Milo membuka aplikasi w******p. Ia kembali memerhatikan pesan yang sudah dikirimkan Aliando kepadanya.
“Pos ronda, sebelahnya ada warung makan mbak Nani. nanti ada mobil cary warna merah yang berhenti di depan atau samping pos Ronda. Berdiri saja di sekitar mobil cary, nanti akan ada seseorang yang menghampiri kalian,” lirih Milo seraya membaca pesan yang ada di layar ponselnya.
“Itu, bukan?” tanya Ruben seraya menunjuk ke sebuah mobil cary berwana merah.
Milo mengedarkan pandang. Ia menatap sebuah spanduk yang tertulis di bagian atas warung yang terdapat di samping pos ronda.
”Warung makan mbak Nani,” lirih Milo membaca isi spanduk itu.
“Gimana?” tanya Ruben seraya menyikut lengan kanan Milo.
“Sepertinya iya ... coba kita dekati, lalu kita berdiri saja di samping mobil itu. Mana tahu memang ada yang mendekati.”
Ruben mengangguk. Pemuda itu lebih dahulu melangkahkan kakinya menuju mobil cary merah yang baru saja dilihatnya.
“Ben, tunggu!” Milo mengejar karena pria itu tidak segera melangkah setelah Ruben mulai melangkah.
Ke dua pemuda itu pun berdiri di samping mobil. Mereka terlihat bingung, sangat bingung.
Seperti yang dikatakan dalam pesan yang baru saja dibaca oleh Milo, seorang pria datang menghampiri mereka.
“Mau kemana?” tanya sang pria.
“Kami mau ke desa Pandora, Mas.” Ruben menjawab, ramah.
“Desa Pandora? Kalian ini siapa? Dari mana? Tahu desa Pandora dari mana?” Sang pria mendekat dan berbicara dengan sangat lirih hampir berbisik.
“Kami ini cucunya kakek Kaddar.”
“Cucu kakek Kaddar? Kalian jangan berbohong.” Pria itu menatap ke duanya dengan tatapan tajam.

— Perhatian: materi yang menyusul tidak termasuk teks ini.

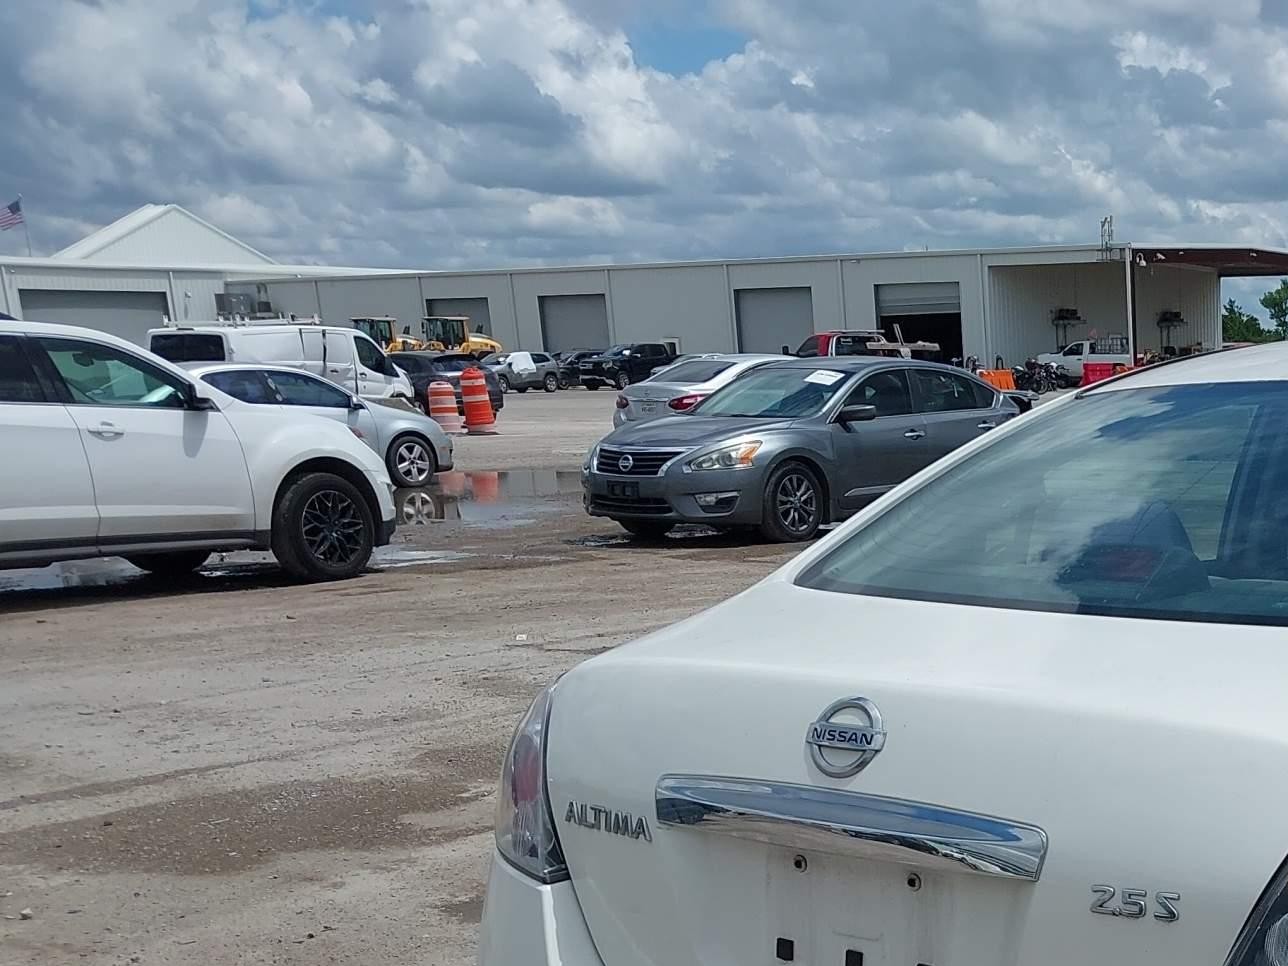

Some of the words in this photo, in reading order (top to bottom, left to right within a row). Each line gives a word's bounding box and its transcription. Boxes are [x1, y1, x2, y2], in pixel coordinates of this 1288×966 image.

[811, 727, 874, 746] NISSAN
[565, 800, 653, 842] ALTIMA
[1154, 892, 1180, 921] S
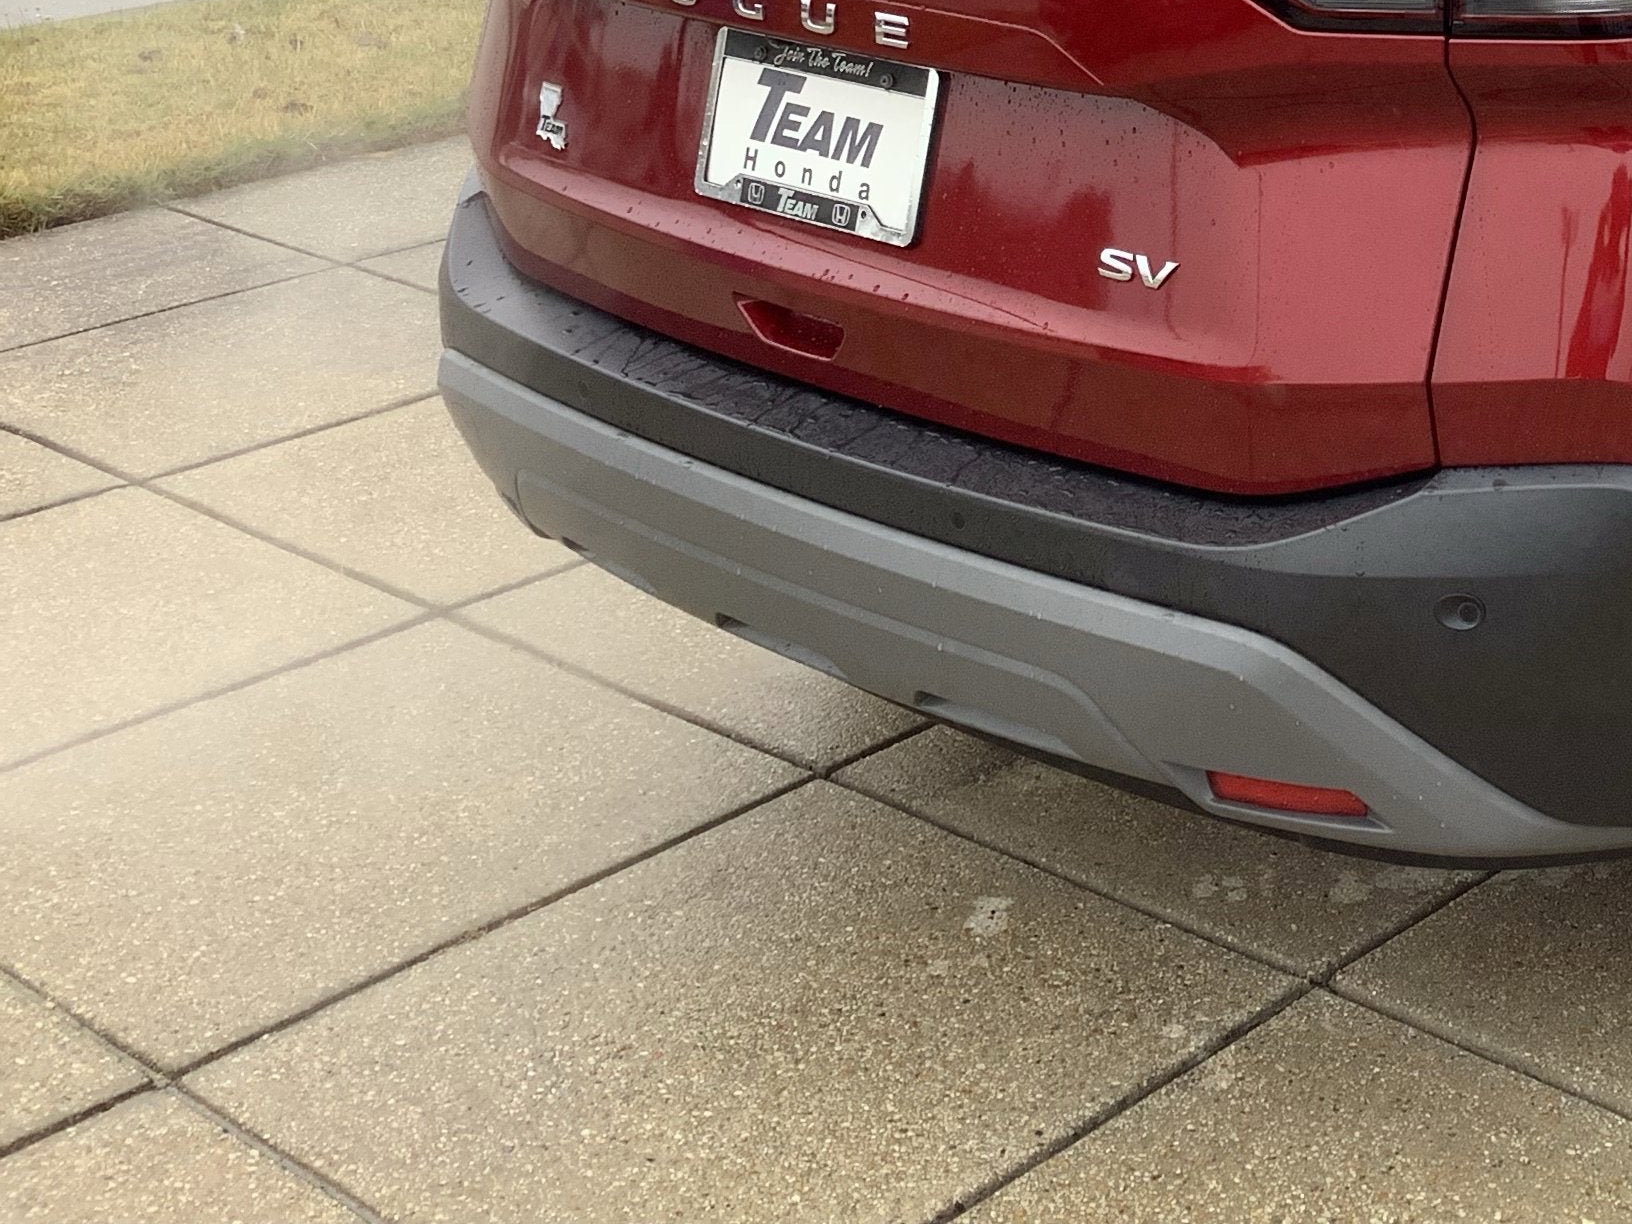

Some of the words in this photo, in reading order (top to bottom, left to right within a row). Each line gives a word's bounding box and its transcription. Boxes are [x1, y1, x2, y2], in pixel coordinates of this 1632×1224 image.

“He—eh ... maaf, Mas. Sebenarnya kami ini adalah sahabatnya Aliando, cucunya kakek Kaddar. Aliando yang menyuruh kami datang ke sini.”
“Benar’kah?”
“Kalau mas tidak percaya, silahkan hubungi Al.” Ruben menjawab dengan gemetar. Ia takut melihat tatapan tajam sang pria.
Sang pria mendesah sesaat lalu berdiri dengan tegak, “Baiklah, silahkan naik. Tapi kalian harus sabar sebab mobil ini akan berangkat setengah jam lagi. Menunggu penumpang lainnya yang tengah berdagang.”
Ruben dan Milo mengangguk secara bersamaan. Tanpa berbicara sepatah kata pun, mereka berdua akhirnya naik dan duduk di dalam mobil seraya menunggu penumpang lainnya.